Park [14] noted that Fe3+ has higher flocculating ability than divalent cations, building strong and compact flocs. According to Schultz-Hardy rule [15], the coagulation capacity depends upon the valence of the active ion carrying charge opposite to the charge on the colloidal particles. Coagulating power of an electrolyte is directly proportional to the valence of these active ions. The coagulation power of different cations has been found to decrease as: Al3+ > Mg2+ or Ca2+ > Na+ [1618]. The main objective of this study was to gain a comprehensive view of the interactions between EPS and three kinds of multivalent metal ions. It is expected that the information provided here would be useful to further understand the mechanism of aerobic granules formation and facilitate the application of aerobic granulation technology in wastewater treatment.

Material and Methods

Reactor Setup and Operation

Six bubble columns (SBR A to F) with a working volume of 1 L each were used to cultivate aerobic granules. The internal diameter of the reactors was 40.5 mm, and the reactors working H/D ratio was about 6.9. Fine air bubbles for aeration were supplied through an air diffuser at the reactors bottom.

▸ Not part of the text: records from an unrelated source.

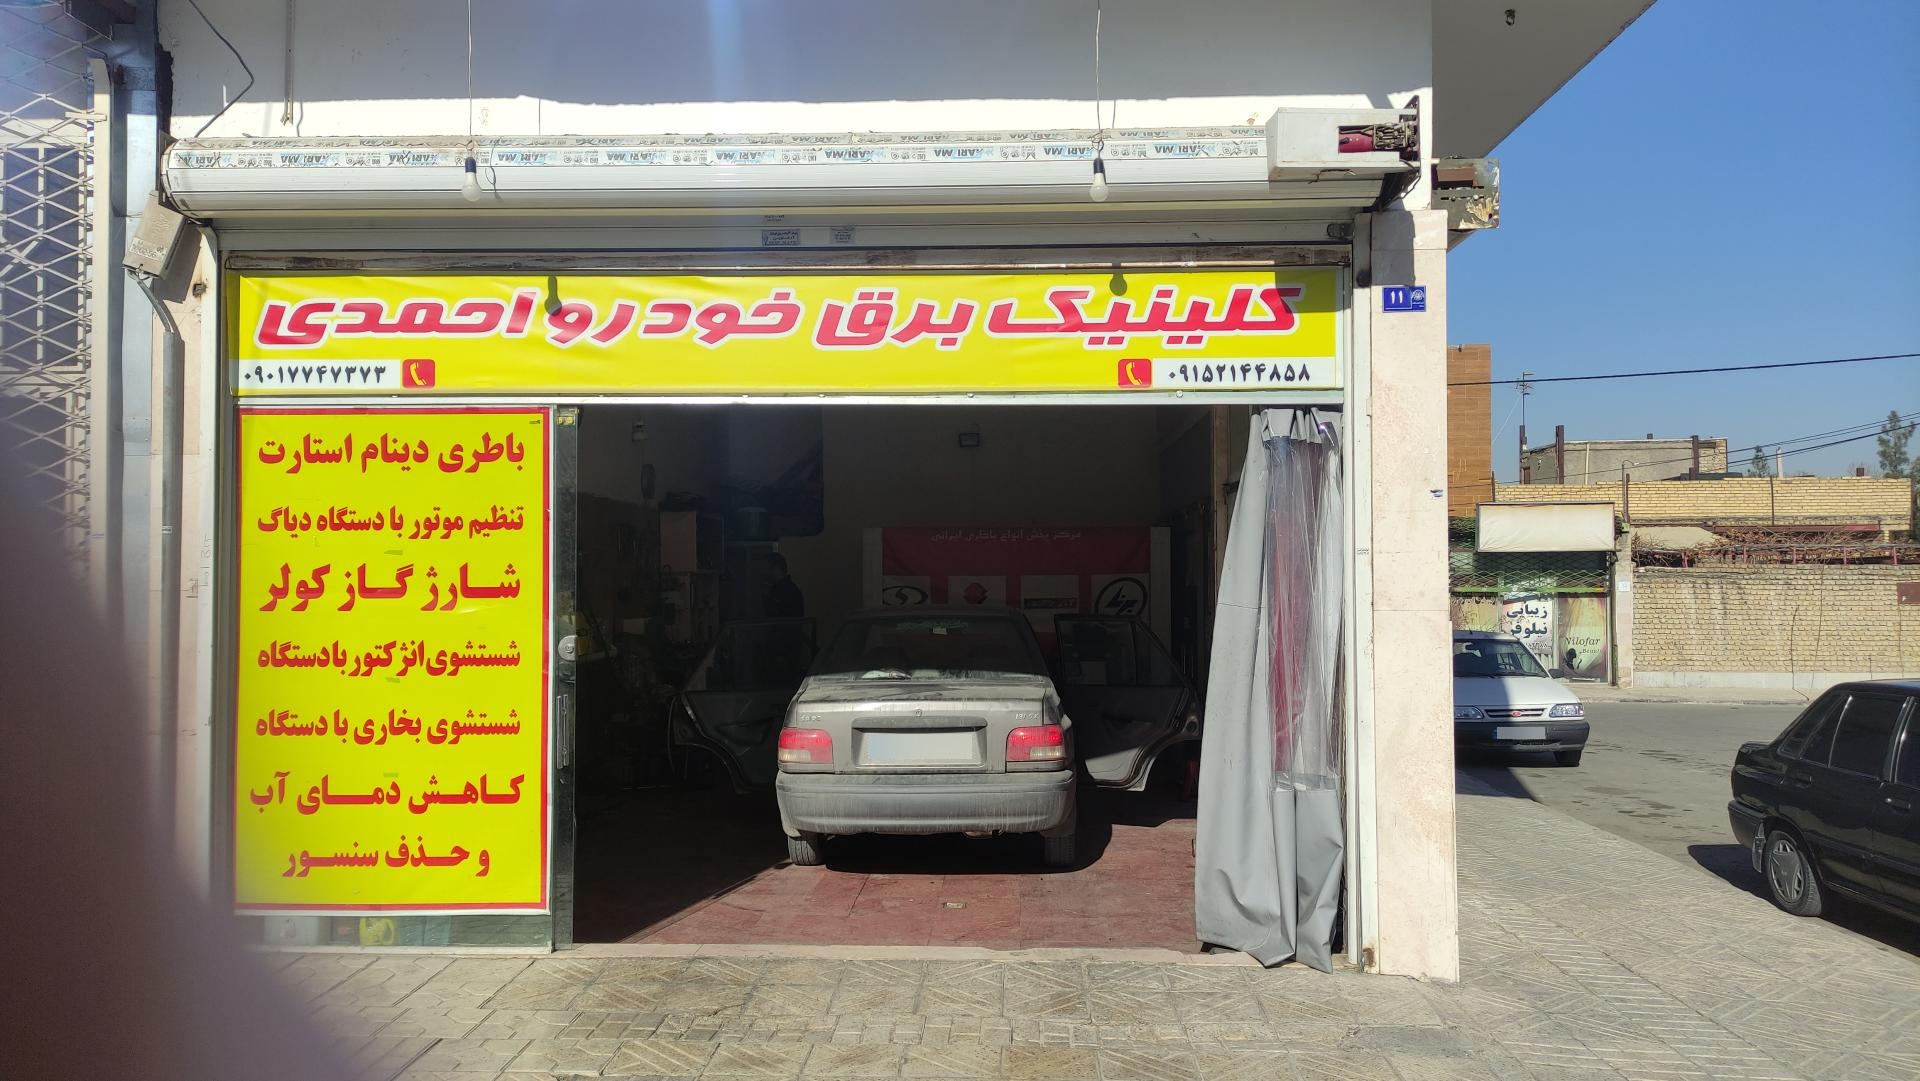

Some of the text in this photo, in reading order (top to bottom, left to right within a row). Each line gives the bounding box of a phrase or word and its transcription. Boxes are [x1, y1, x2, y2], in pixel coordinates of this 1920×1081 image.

[258, 286, 1301, 348] کلینیک برق خودرو احمدی
[259, 433, 524, 474] باطری دینام استارت
[258, 506, 524, 539] تنظیم موتور با دستگاه دیاگ
[261, 564, 520, 611] شارژ گاز کولر
[1507, 601, 1547, 618] زیبایی
[258, 641, 520, 677] شستشوی انژکتور با دستگاه
[257, 710, 520, 745] شستشوی بخاری با دستگاه
[249, 771, 525, 815] کاهش دمای آب
[283, 836, 490, 878] و حذف سنسور
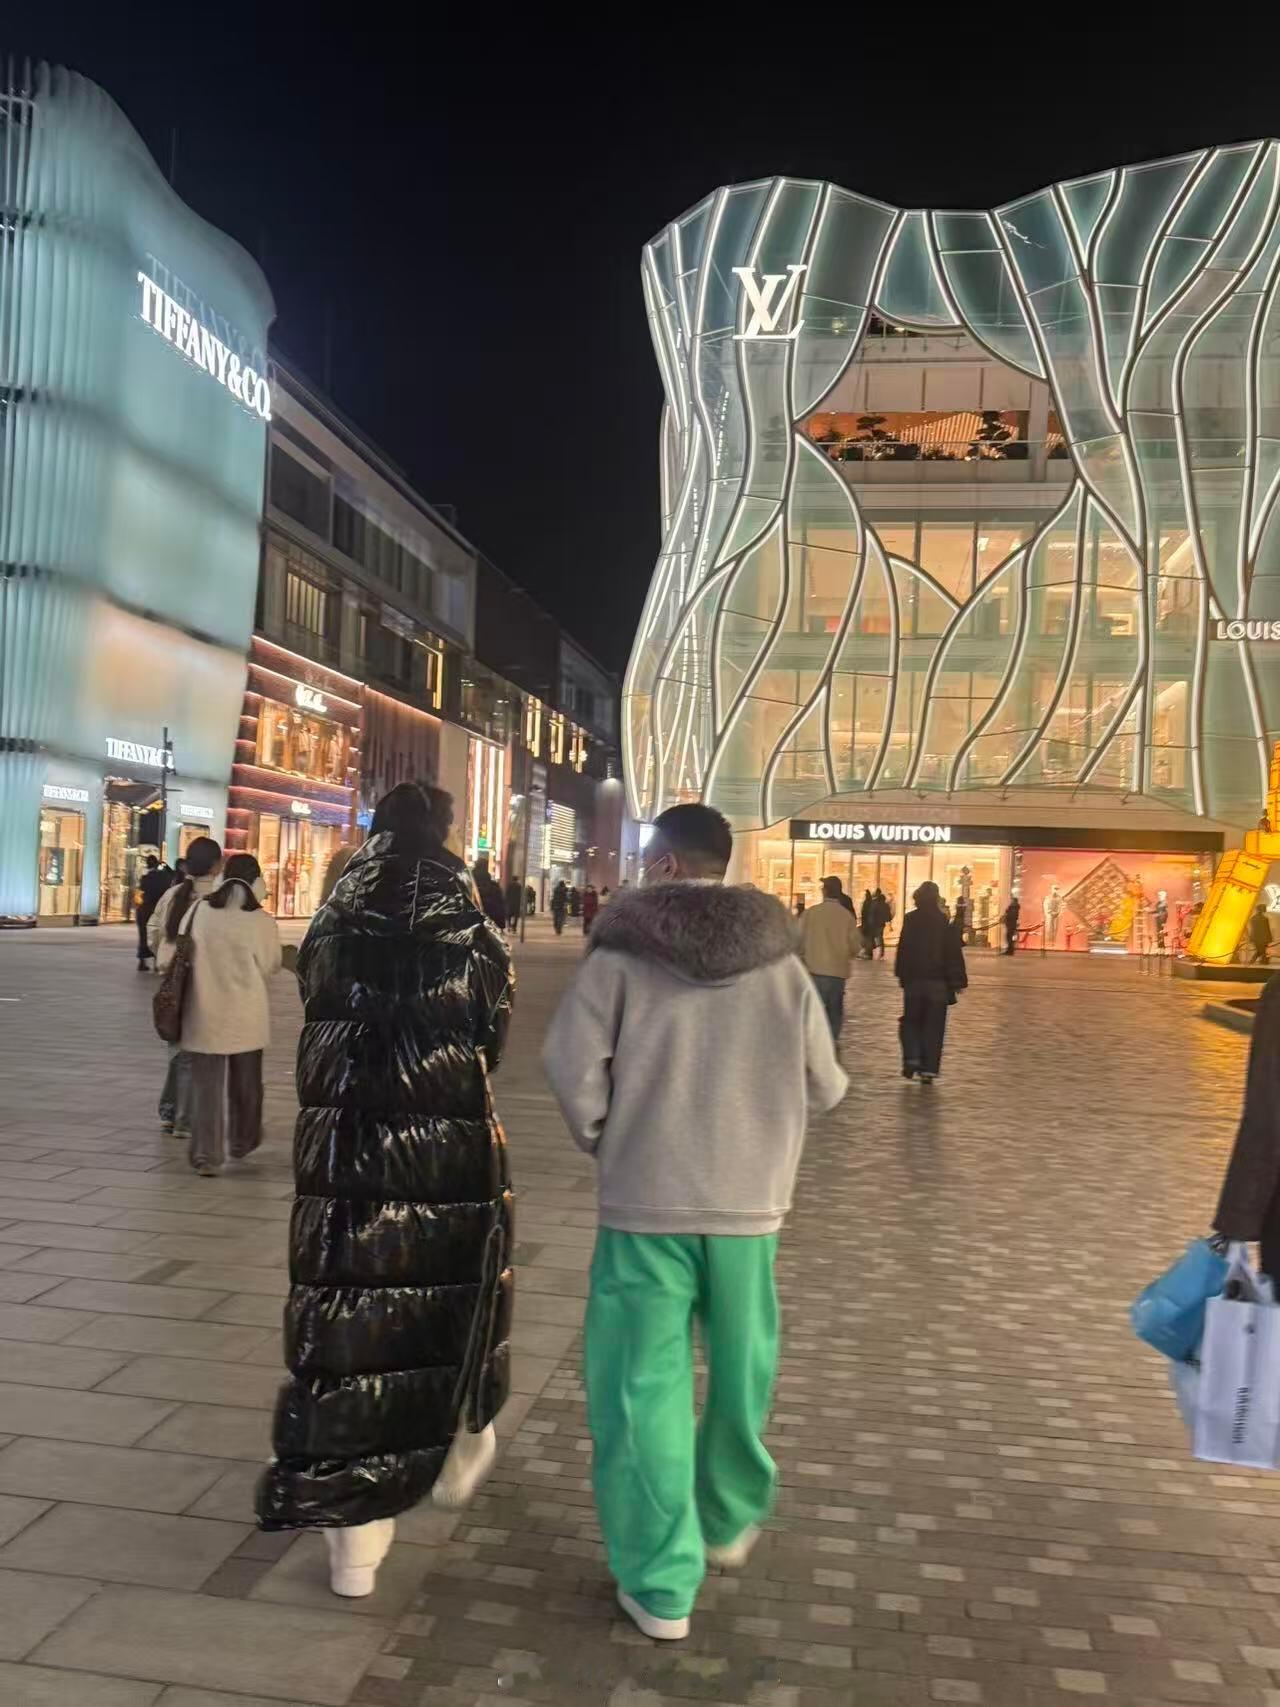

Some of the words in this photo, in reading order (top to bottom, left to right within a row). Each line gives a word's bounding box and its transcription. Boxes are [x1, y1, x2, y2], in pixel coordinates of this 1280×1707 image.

[1216, 620, 1280, 640] LOUIS
[809, 823, 865, 840] LOUIS
[868, 824, 951, 842] VUITTON
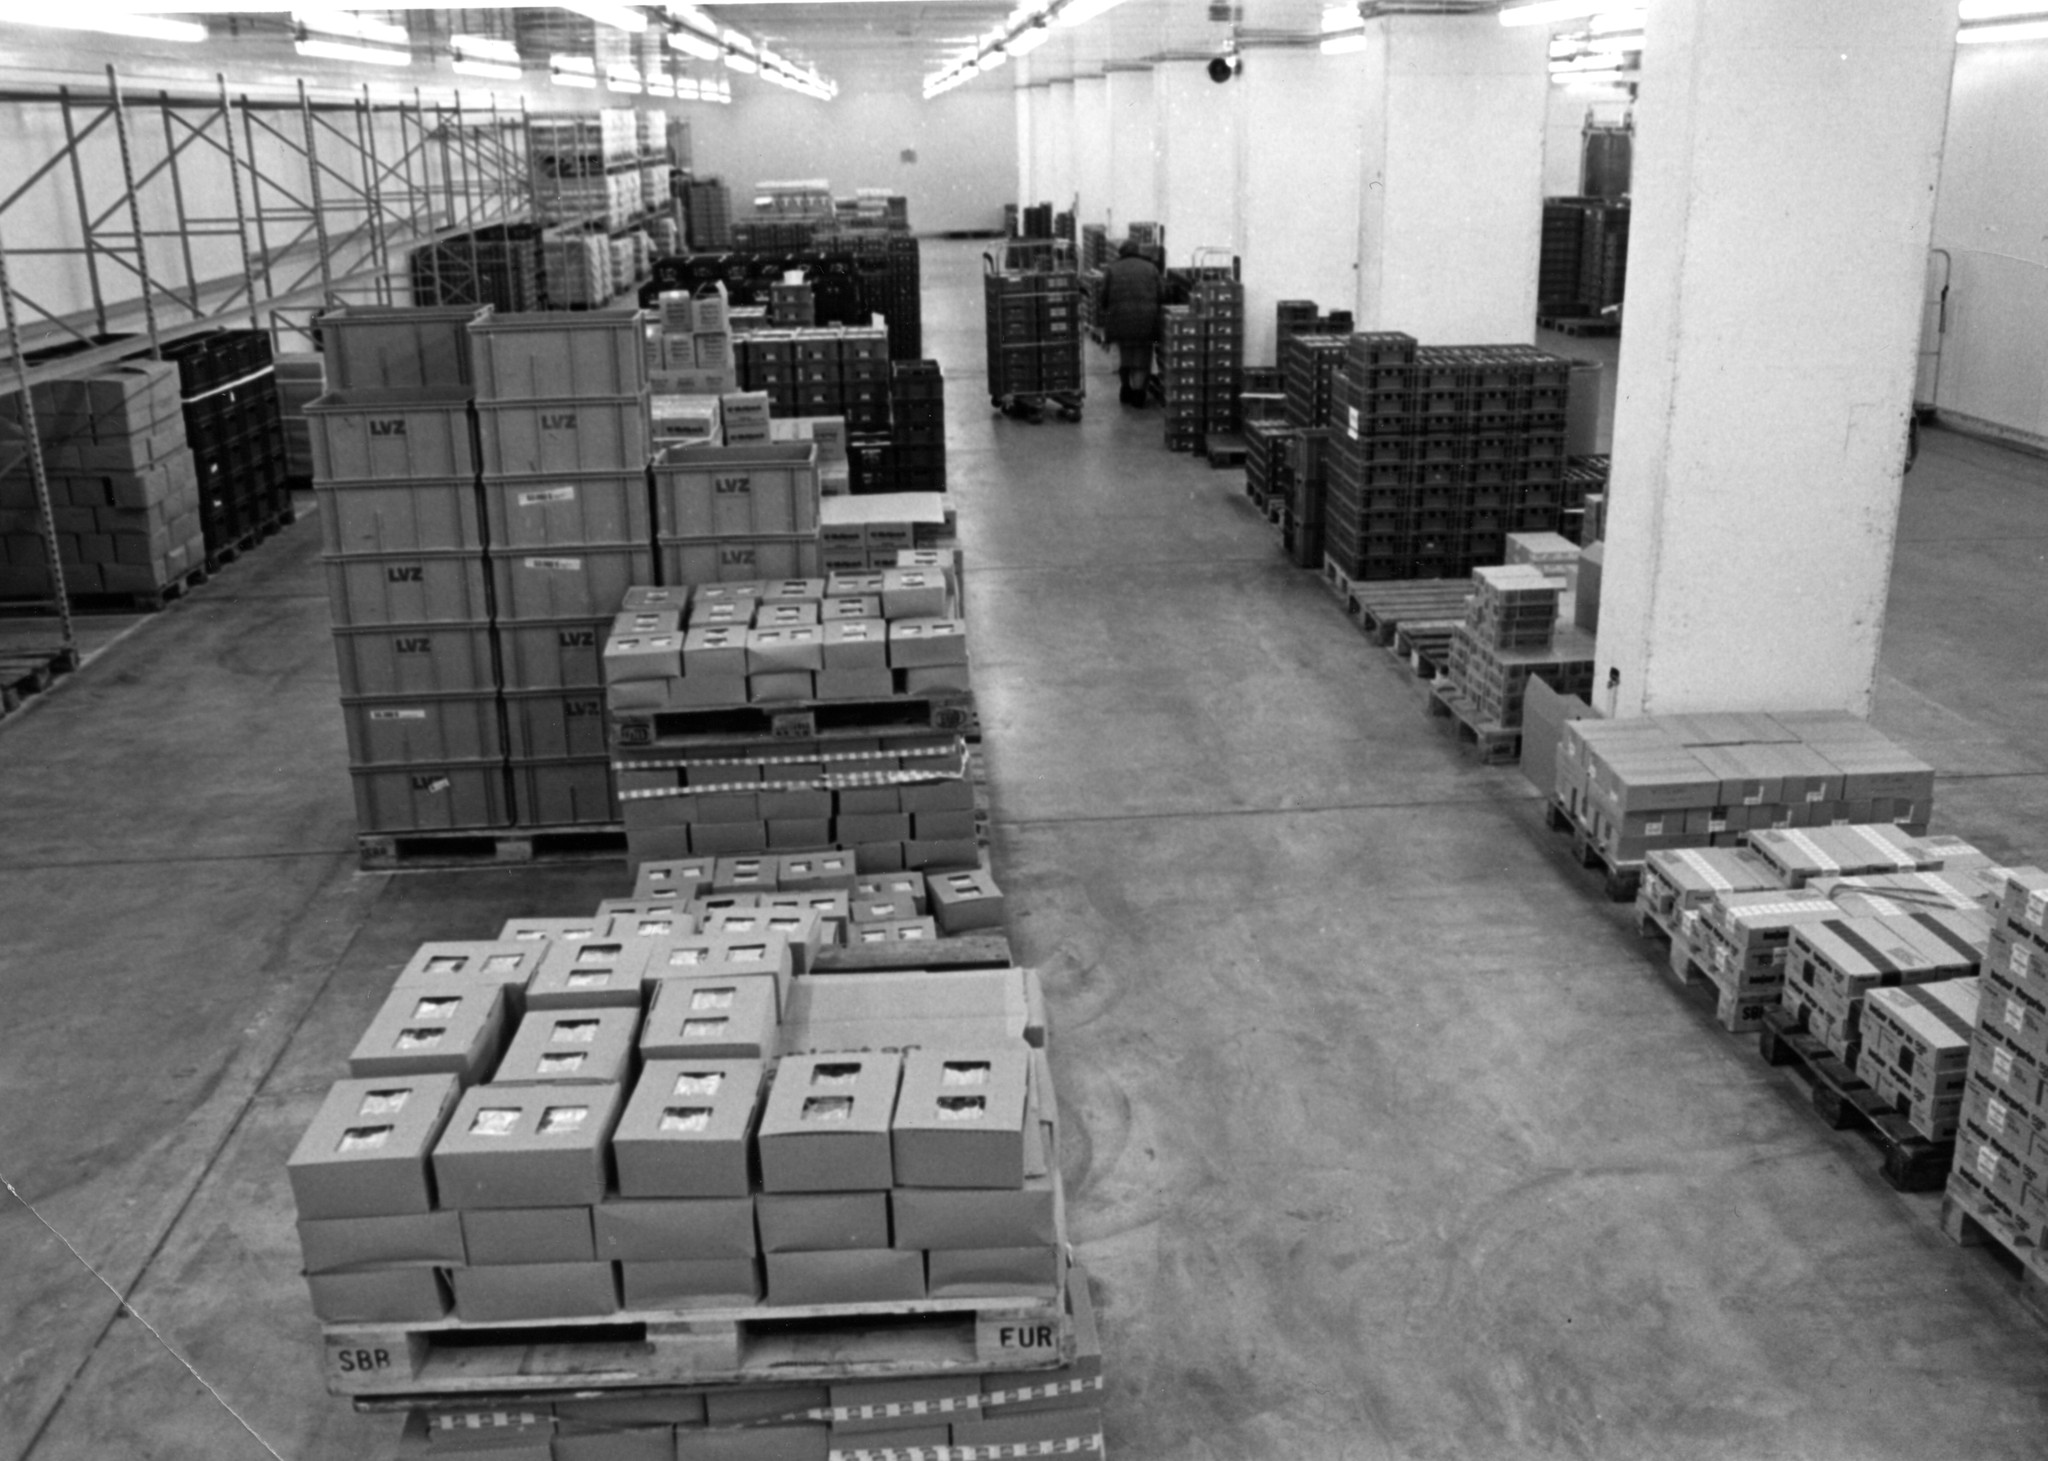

The reactors were inoculated with activated sludge obtained from a local municipal wastewater treatment plant in Zabrze, Poland. The reactors were operated in 3-h cycles with 3-min filling, 5-min settling, 3 min of discharge, and 1 min of idle period. This led to 168 min of aeration in one cycle at steady-state operation. Effluent was discharged from the middle port of the reactors with a volumetric exchange ratio of 50 %. Hydraulic retention time was 6 h and organic loading rates were about 2.4 kg COD/(m3 days).

Medium

A synthetic wastewater with the following compounds was used in the experiments (g/L): COD (sodium acetate) 0.543, (NH4)2SO4 0.075, and KH2PO4 0.075. A trace solution was added to the feeding media (g/L): H3BO3 0.05, ZnCl2 0.05, CuCl2 0.03, MnSO4 · H2O 0.05, (NH4)6Mo7O24 · 4H2O 0.05, AlCl3 0.05, CoCl2 · 6H2O 0.05, and NiCl2 0.05. Table 1 presents the augmentation strategy with addition of Ca2+, Fe3+, and Mg2+ to the reactors. pH of feeding media was fixed at 7.2.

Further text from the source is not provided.